Consider epilepsy surgery if your seizures are uncontrollable and persistent. New epilepsy surgical possibilities have emerged due to scientific and technological advancements.

3. Nutritional Therapies

Special diets can also aid in seizure control. The four most popular diets are ketogenic, modified Atkins, low glycemic, and medium-chain triglyceride (MCT).

4. Alternative Therapies

The drugs or procedures doctors and other mainstream healthcare practitioners typically recommend are distinct from complementary health practices. These include natural remedies like cannabis for medical purposes or mind-body exercises like yoga.

5. Rescue Therapies 

Certain medications can immediately stop seizures and avert dire circumstances. These drugs function swiftly in the brain after quickly entering the bloodstream.

6. Therapeutic Trials

For people seeking more therapeutic alternatives, clinical trials offer another choice.
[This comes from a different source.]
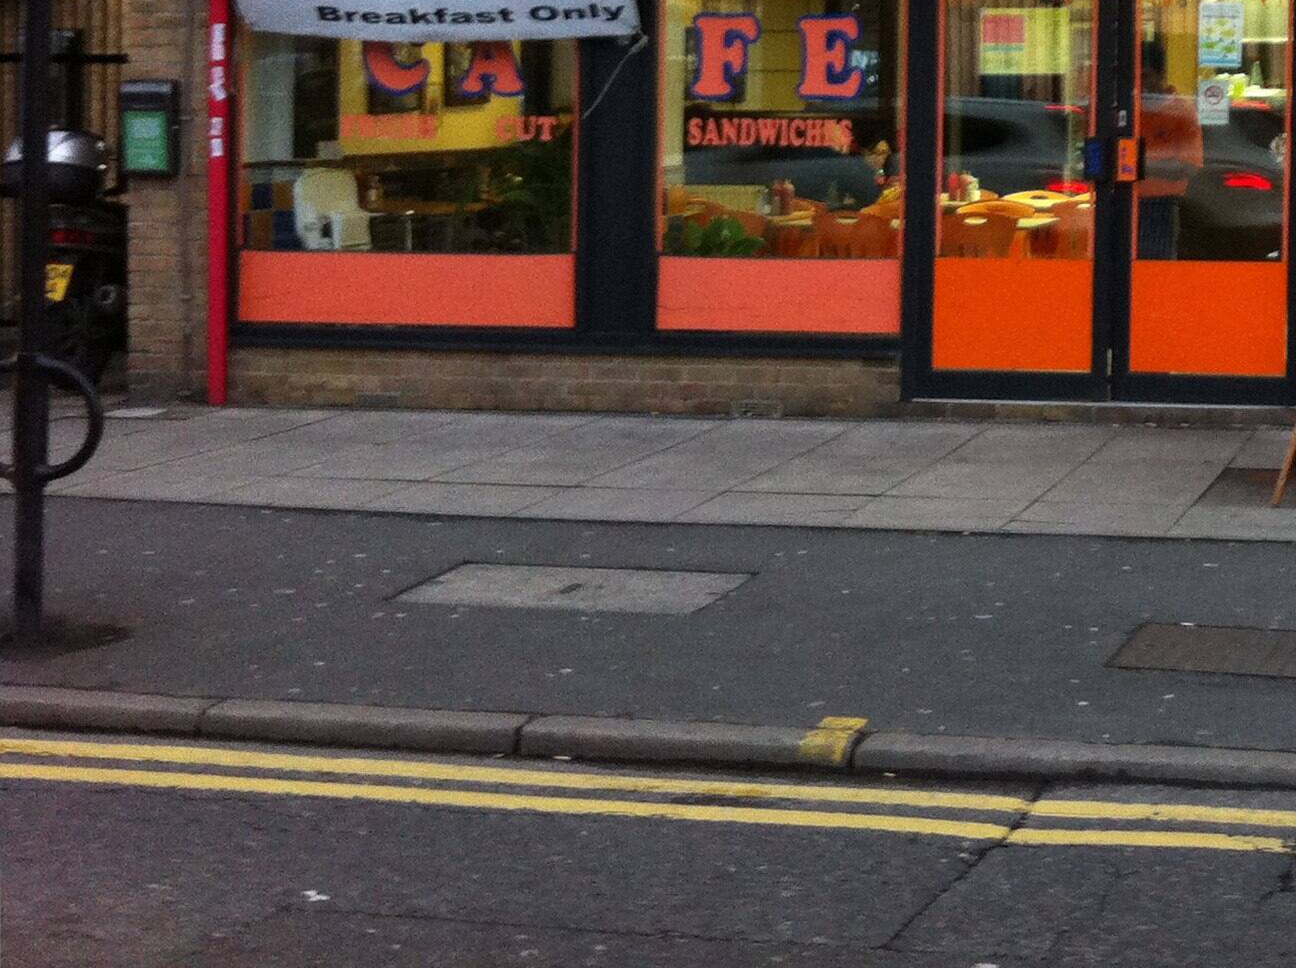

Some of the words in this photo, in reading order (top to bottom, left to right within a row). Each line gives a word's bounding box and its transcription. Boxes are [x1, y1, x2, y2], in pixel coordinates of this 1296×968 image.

[316, 5, 516, 26] Breakfast
[528, 3, 626, 23] Only
[687, 116, 854, 148] SANDWICHES
To discover novel seizure treatments, researchers require volunteers.

7. Seizure Devices

While some people may benefit from medications and surgery, others could find device treatment, such as small electric currents sent to the neurological system by seizure devices. These alter brain cells' behavior and aid in their return to normal.

8. Centers for Epilepsy

A specialized section offering complete care for persons with epilepsy is an epilepsy center. Specialists at epilepsy centers are experts in identifying, assessing, and managing epilepsy.

Conclusion

Anyone who has epilepsy must consult a doctor. It is best to seek medical expert advice if a symptomatic episode occurs. If your primary healthcare provider suspects epilepsy, they will direct you to a neurologist specializing in epilepsy evaluation for further treatment.